Diet Plan For Healthy Gut
Here are 6 key components that every tailored diet and lifestyle management plan should include:
Frequency and size of meals: The recommended frequency can vary widely as per individual requirements. For instance, roughly 5-6 small meals are recommended for those with Irritable Bowel Syndrome, while 3 meals a day are suggested in the case of patients with hyperlipidemia or hypertension. Overall, maintaining a regular schedule is vital, and can be helpful in curbing acid production and reflux.
Cooking methods: Yes, whether you boil, steam or sauté your food does matter! For instance, deep-frying food should be avoided by patients with diabetic gastroparesis, non-alcoholic fatty liver disease, and functional constipation. And broadly speaking, it is a good idea to avoid peeling vegetables before cooking. Once rinsed and cleaned, vegetable peels are excellent sources of nutrients and fibers that are key to maintaining a healthy gut.
Meal composition: The ideal dietary plan will balance various factors to meet nutritional requirements. These include energy content, foods that may aggravate conditions, and criteria for intake of fiber, greens, proteins, carbohydrates, and other food groups.

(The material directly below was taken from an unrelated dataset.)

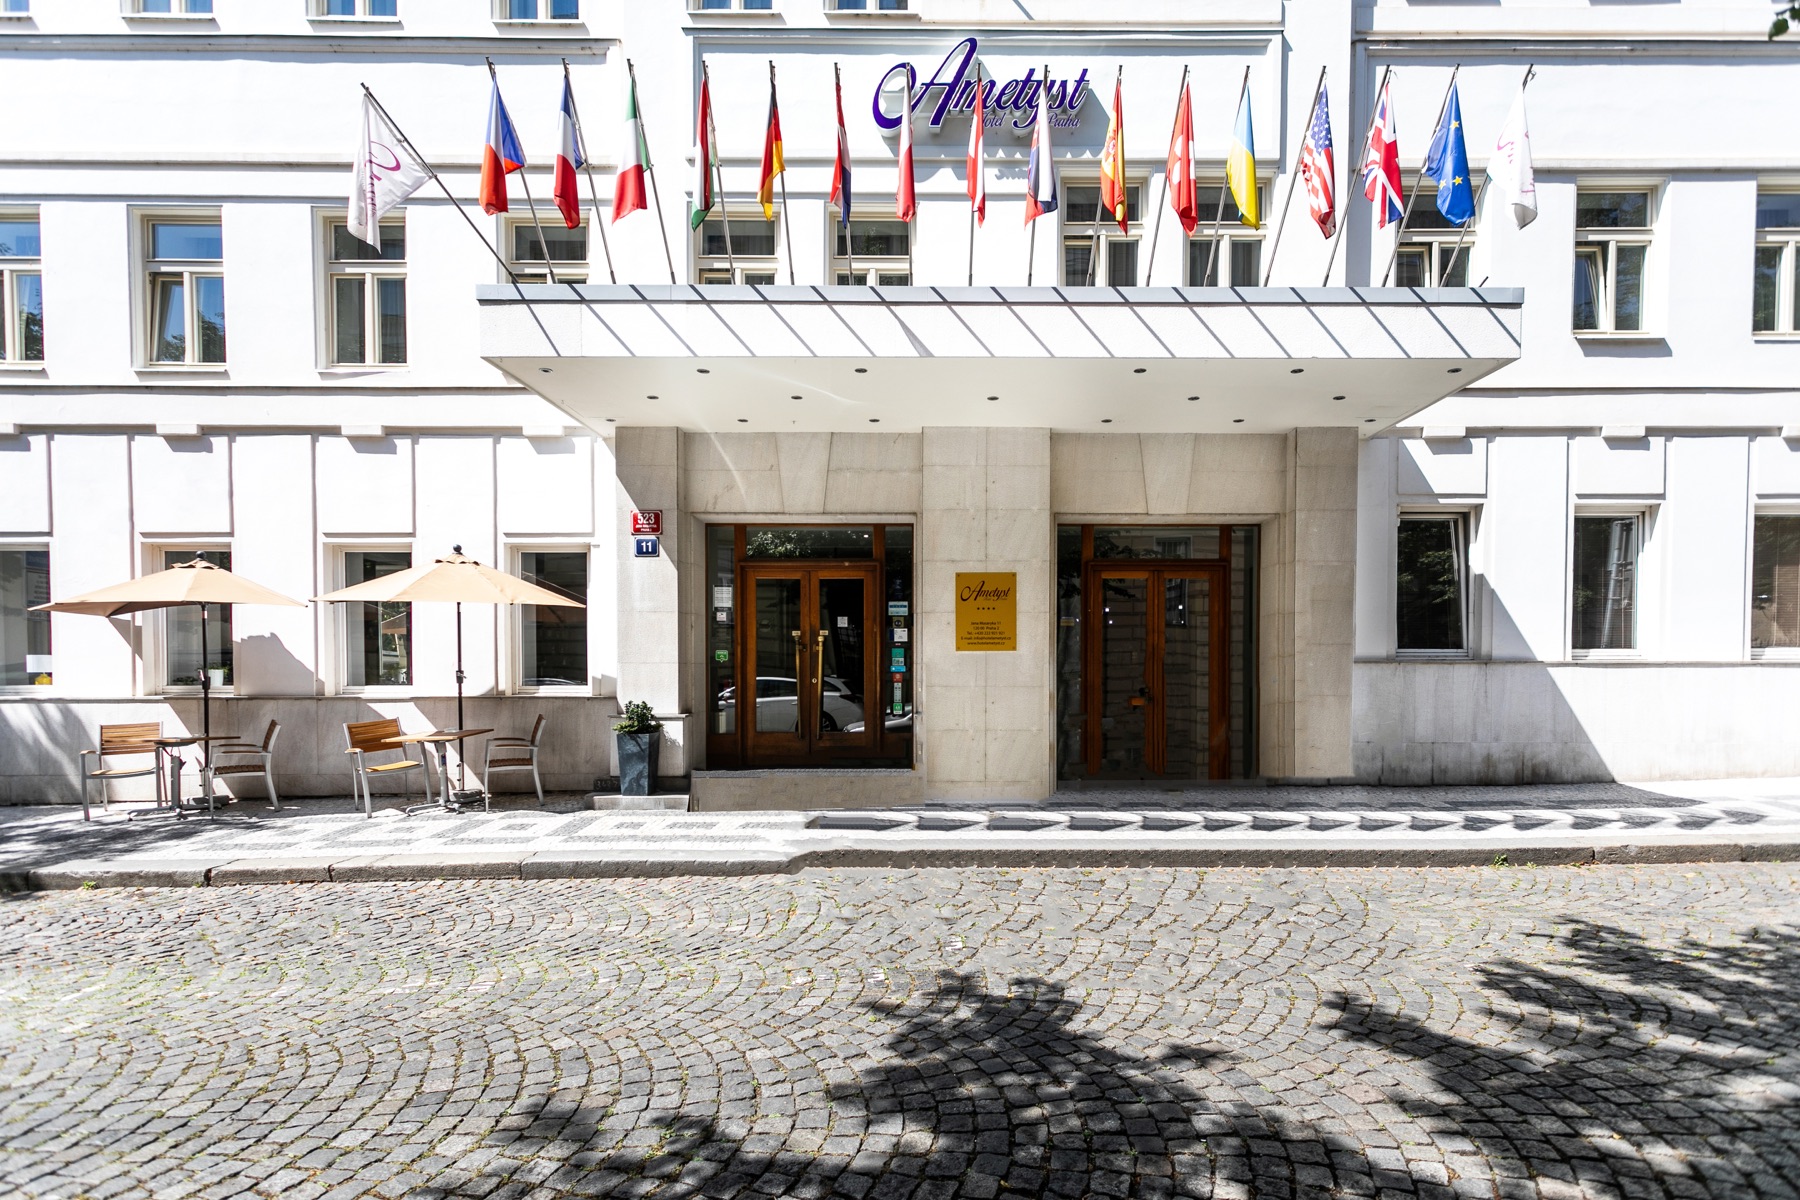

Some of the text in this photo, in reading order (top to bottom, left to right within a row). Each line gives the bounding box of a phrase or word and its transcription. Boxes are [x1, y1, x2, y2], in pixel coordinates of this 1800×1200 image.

For instance, increased consumption of non-starchy and green leafy vegetables, as well as whole unrefined grains is recommended for people with obesity. While your doctor or nutritionist can help you determine the optimal diet, stay flexible and add variety to make your week’s meals more interesting.
Level of physical activity: Various factors influence the ideal level of physical activity. Patients with irritable bowel syndrome can benefit from regular moderate activity such as walking, jogging or swimming for an hour, which can facilitate gas clearance and provide constipation relief. For those with peptic ulcers, 30-60 minutes is recommended daily, alongside monitoring steps. Integrating physical activity into your lifestyle is important for sustained progress.
Water intake: Across most conditions, 2-3 litres of water intake is recommended daily. If this appears monotonous, you can consider more creative ways to hydrate, such as by consuming clear soups, coconut or lemon water. However, fluid intake recommendations may differ based on individual conditions, and should therefore be discussed with your doctor or nutritionist.
Sleep: Some conditions necessitate specific sleeping habits. Patients with gastro esophageal reflux disease (GERD) are advised to raise the head of their bed while sleeping, as well as to avoid sleeping within one hour of eating dinner. Quality of sleep is also essential, with improved sleep being a key lifestyle-based treatment goal across some conditions.
Dr. Srirupa Das, Medical Director, Abbott India added, “At Abbott, we are committed to raising awareness about effective treatment and management options to support patients suffering from gastrointestinal conditions. Personalized counsel that includes India-specific dietary recommendations tailored to individual preferences can ensure better treatment adherence and improved health outcomes so that patients can make lasting changes to live fuller, healthier lives.”